§ WHAT IS EXPECTED:
The records should be repeated word for word, pictures excluded.

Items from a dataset

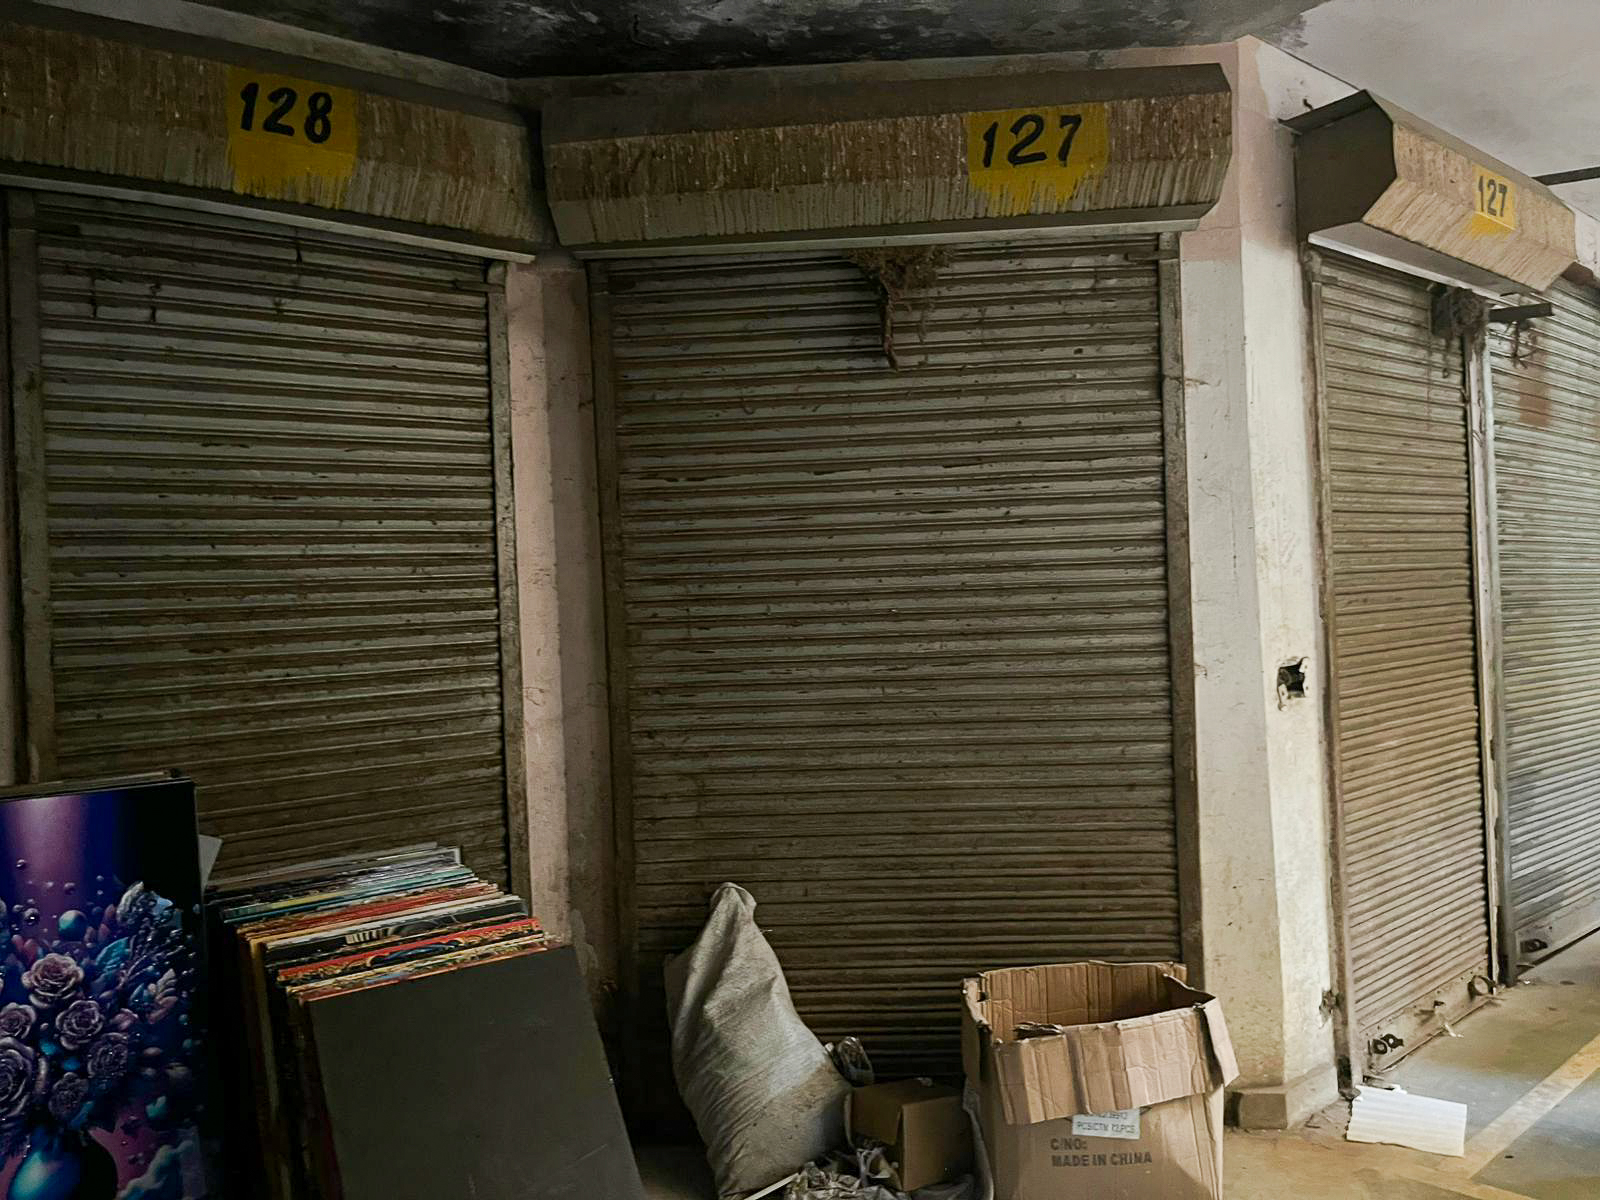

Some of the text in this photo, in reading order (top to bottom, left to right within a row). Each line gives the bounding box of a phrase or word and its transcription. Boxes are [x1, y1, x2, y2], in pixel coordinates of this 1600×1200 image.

[240, 82, 333, 144] 128
[982, 114, 1082, 168] 127
[1478, 175, 1508, 218] 127
[1051, 1151, 1153, 1167] MADE IN CHINA
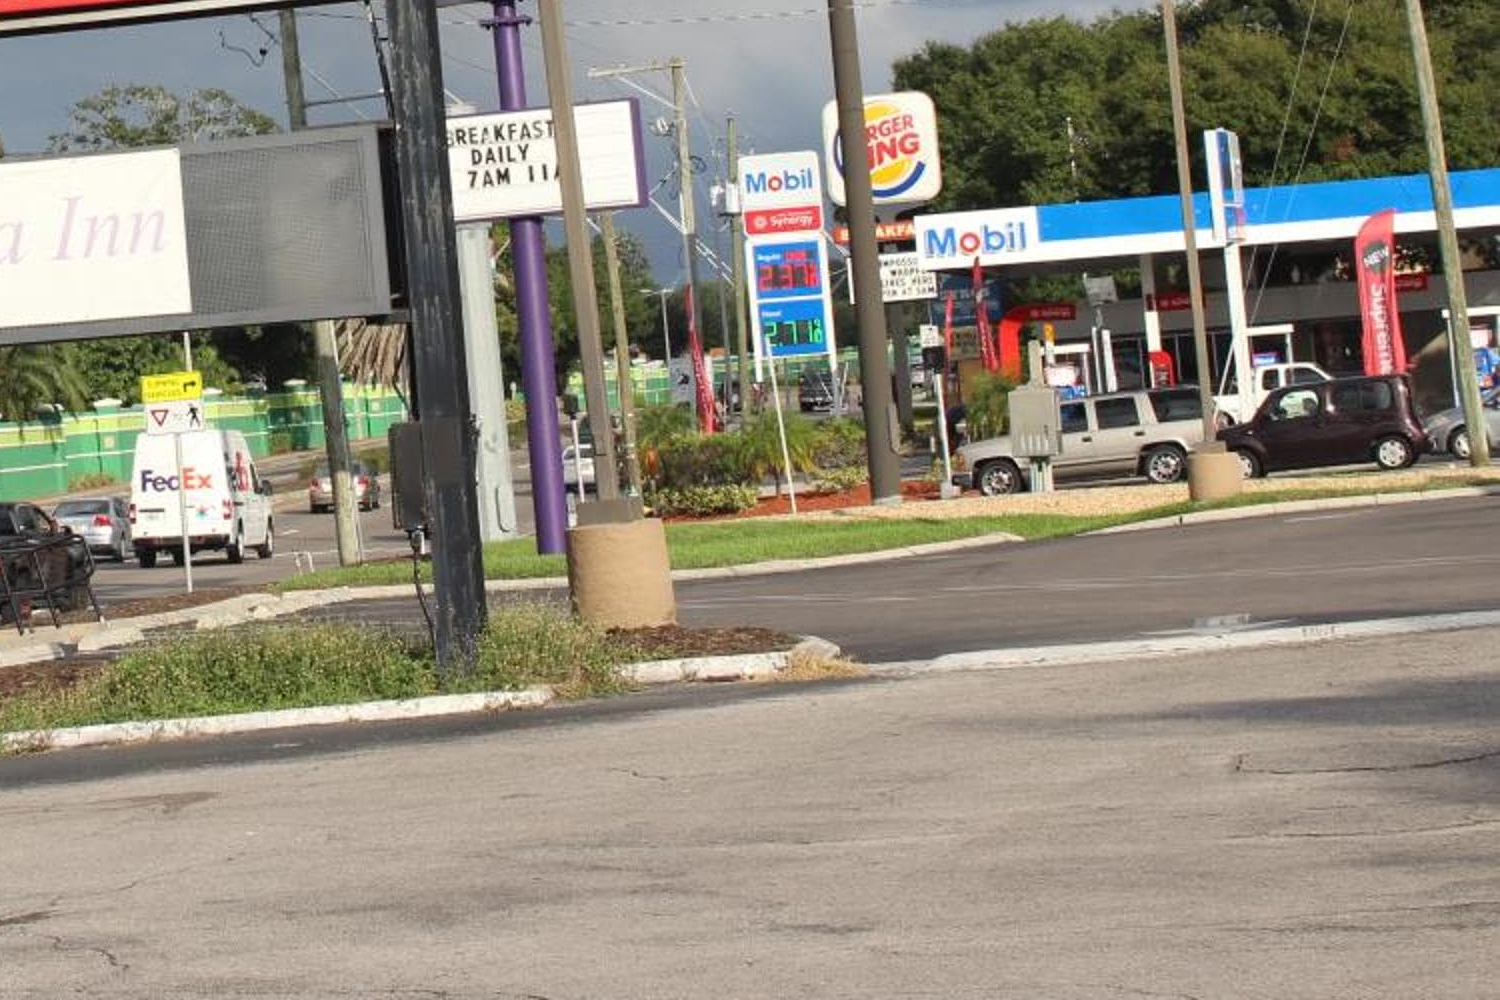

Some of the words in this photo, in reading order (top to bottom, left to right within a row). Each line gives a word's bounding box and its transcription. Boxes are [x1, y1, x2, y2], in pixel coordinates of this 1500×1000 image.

§ OUTPUT:
Some of the text in this photo, in reading order (top to bottom, left to right within a row). Each line gives the bounding box of a phrase or word and its transcription. Boxes are [x1, y1, x2, y2], in pixel coordinates of this 1600×1200 image.

[240, 82, 333, 144] 128
[982, 114, 1082, 168] 127
[1478, 175, 1508, 218] 127
[1051, 1151, 1153, 1167] MADE IN CHINA

Some of the words in this photo, in reading order (top to bottom, left to right within a row). Each line gives a word's bounding box and its transcription. Boxes are [x1, y1, x2, y2], in pixel coordinates of this 1500×1000 image.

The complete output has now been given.